Somma Marine Surveying

Choosing The Right Surveyor


The terms "Accredited Marine Surveyor®" and "AMS®" are registered trademarks of the Society of Accredited Marine Surveyors. It is not unusual to find non-accredited surveyors claiming this accreditation. Check the Society's web site at to ensure the accreditation of your surveyor.


Surveying is an unregulated profession and surveyors are no different than the practitioners of any other trade; some are better than others. Find the one you feel most comfortable with and do not hesitate to ask questions.


A good place to start is asking about qualifications. You may notice several acronyms after a surveyors name, many of which you may not recognize. Ask what they stand for, check out the organization on the web. There are several outfits that sell "acronyms" to anyone who sends a check.


The Society of Accredited Marine Surveyors(r) requires minimum degrees of education, experience, exams and a commitment to continuing education before conferring the AMS(r) designation on a surveyor. SAMS(r) surveyors follow a Society "Survey Report Content" format that includes a "Scope of Survey" statement that informs clients of precisely what will be covered in the survey report and which standards are applied.


Ask to see a sample survey. Review samples of several surveyors and read carefully between the lines. Buyers name, valuation and hull I.D. numbers should be blanked out. A survey belongs to the person who commissioned it and confidentiality is expected. Ask for references but don't expect to be given any bad ones.


Think twice about the 20 page survey that goes into great detail about the "tastefully appointed" upholstery but mentions nothing about the substandard engine compartment ventilation system or the seized seacocks.

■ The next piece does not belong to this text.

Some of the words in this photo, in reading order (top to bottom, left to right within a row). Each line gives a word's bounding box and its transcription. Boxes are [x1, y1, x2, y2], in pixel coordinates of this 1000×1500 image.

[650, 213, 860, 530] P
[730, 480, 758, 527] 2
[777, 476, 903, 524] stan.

Recommendations are the most important part of any survey and should cite the standards on which they are based. To remain current a surveyor must be a member of American Boat And Yacht Council(r) (ABYC(r)) and subscribe to their primary publication.... "Standards and Technical Information Reports For Small Craft" which includes standards for construction, electrical, fuel and fire safety systems among many others. The USCG Rules and Regulations for Recreational Boats are largely derived from this publication. Membership in BoatUS Technical Exchange is also important as this provides access to a forum for marine professionals which includes a database of technical, structural and safety issues for specific vessels.

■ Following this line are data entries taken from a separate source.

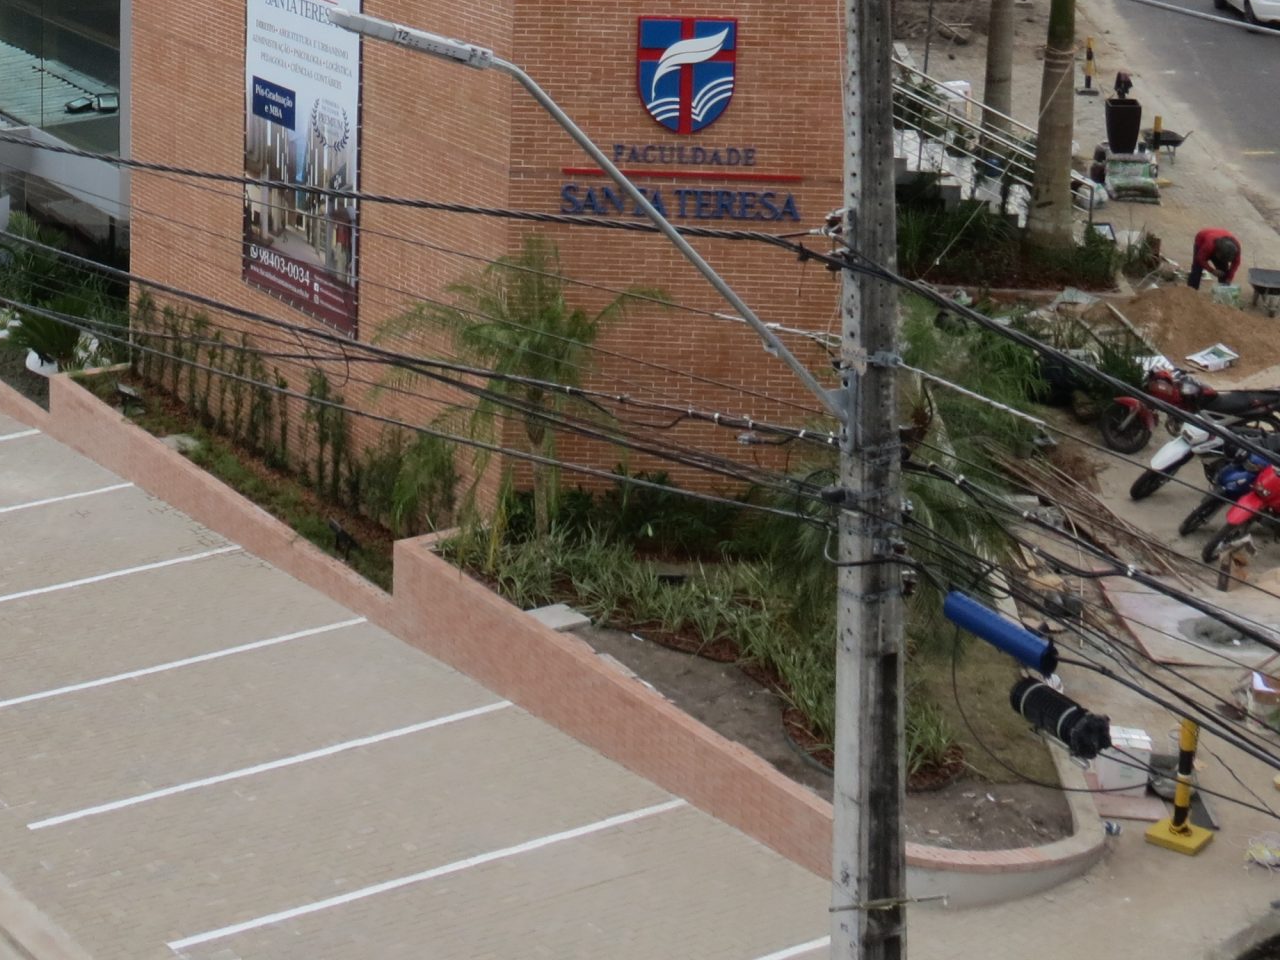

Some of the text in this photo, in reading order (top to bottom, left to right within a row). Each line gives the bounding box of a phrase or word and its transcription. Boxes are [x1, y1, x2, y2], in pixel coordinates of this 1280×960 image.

[255, 19, 276, 34] DIREITO
[255, 84, 293, 108] Pós-Graduação
[270, 104, 283, 120] MBA
[613, 144, 757, 166] FACULDADE
[674, 189, 801, 221] TERESA
[259, 248, 310, 286] 98403-0034

A survey is a systematic examination of the vessel and it's systems. Many surveyors prefer that you not be present during the survey as they may be distracted and miss something. This is a valid concern, but you are the customer and have every right to be present during the survey. All I ask is that you don’t interrupt me during the survey. If and when I find a deficiency with the vessel I will point it out. At the conclusion of the survey I will review and discuss the deficiencies observed with you. Some things that can appear serious on paper may assume a lesser status when they can be pointed out and discussed in person.